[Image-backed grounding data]
━━━━━━━━━━

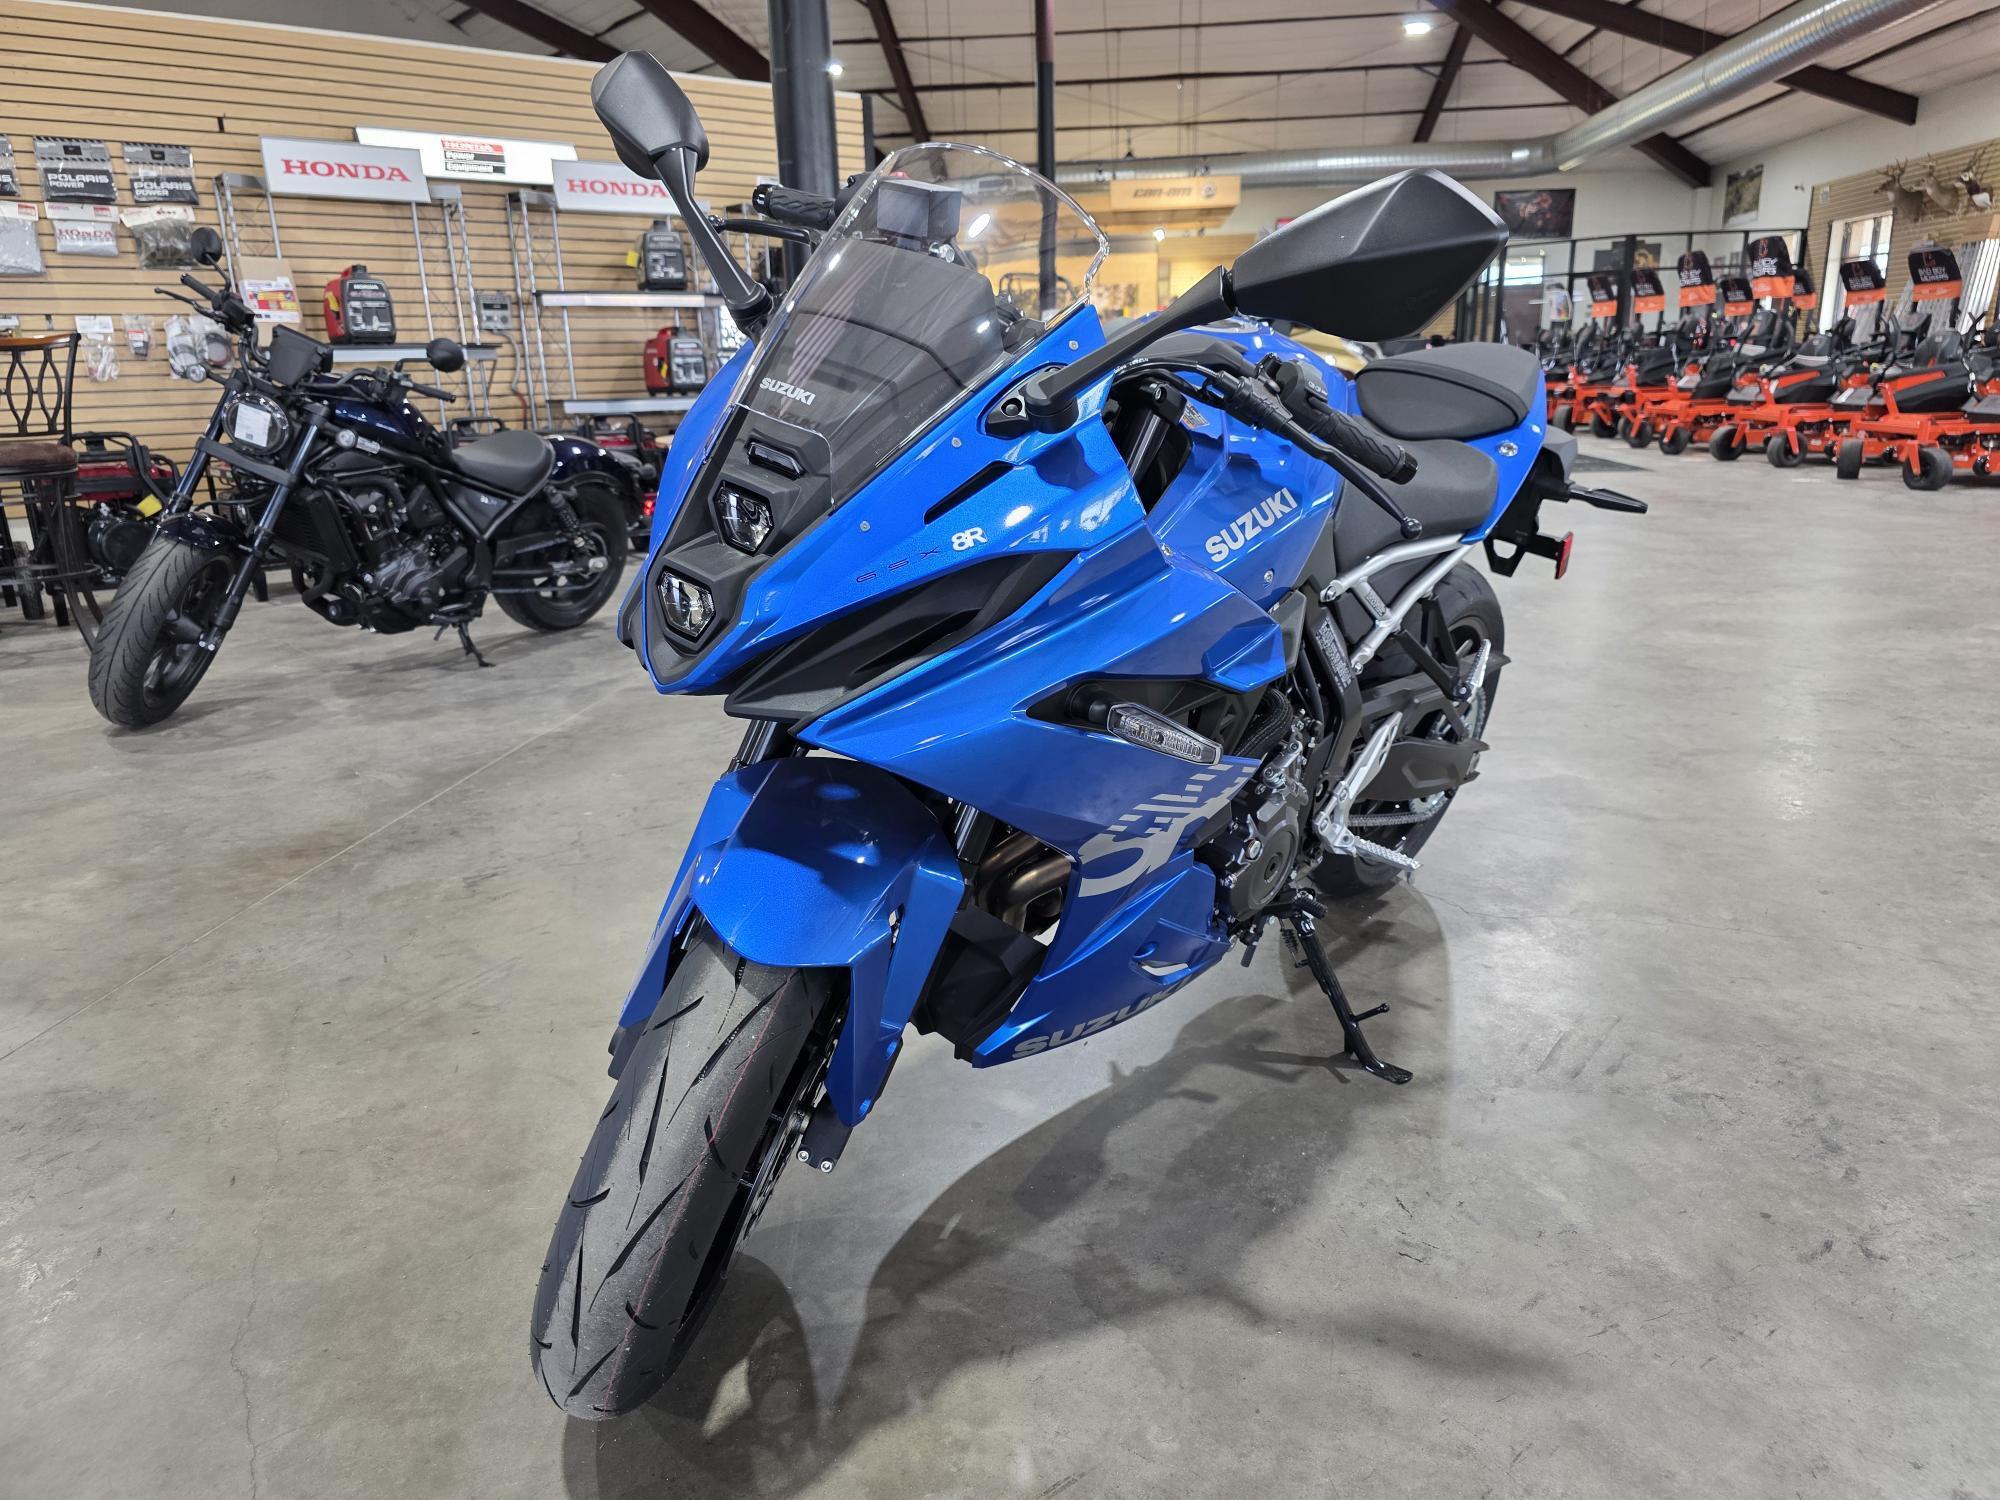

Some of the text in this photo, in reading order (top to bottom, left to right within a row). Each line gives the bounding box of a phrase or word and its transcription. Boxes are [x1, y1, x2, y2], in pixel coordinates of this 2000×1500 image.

[47, 172, 110, 184] POLARIS
[281, 158, 412, 183] HONDA
[49, 181, 85, 190] POWER
[133, 181, 193, 191] POLARIS
[135, 188, 170, 197] POWER
[567, 178, 669, 199] HONDA
[759, 377, 816, 406] SUZUKI
[1205, 487, 1298, 562] SUZUKI
[951, 526, 988, 551] 8R

━━━━━━━━━━

YOUR TASK
Return all of the entries word for word, but omit the pictures.

SOLUTION FOR THIS PROBLEM
Some of the text in this photo, in reading order (top to bottom, left to right within a row). Each line gives the bounding box of a phrase or word and its transcription. Boxes are [x1, y1, x2, y2], in pixel coordinates of this 2000×1500 image.

[47, 172, 110, 184] POLARIS
[281, 158, 412, 183] HONDA
[49, 181, 85, 190] POWER
[133, 181, 193, 191] POLARIS
[135, 188, 170, 197] POWER
[567, 178, 669, 199] HONDA
[759, 377, 816, 406] SUZUKI
[1205, 487, 1298, 562] SUZUKI
[951, 526, 988, 551] 8R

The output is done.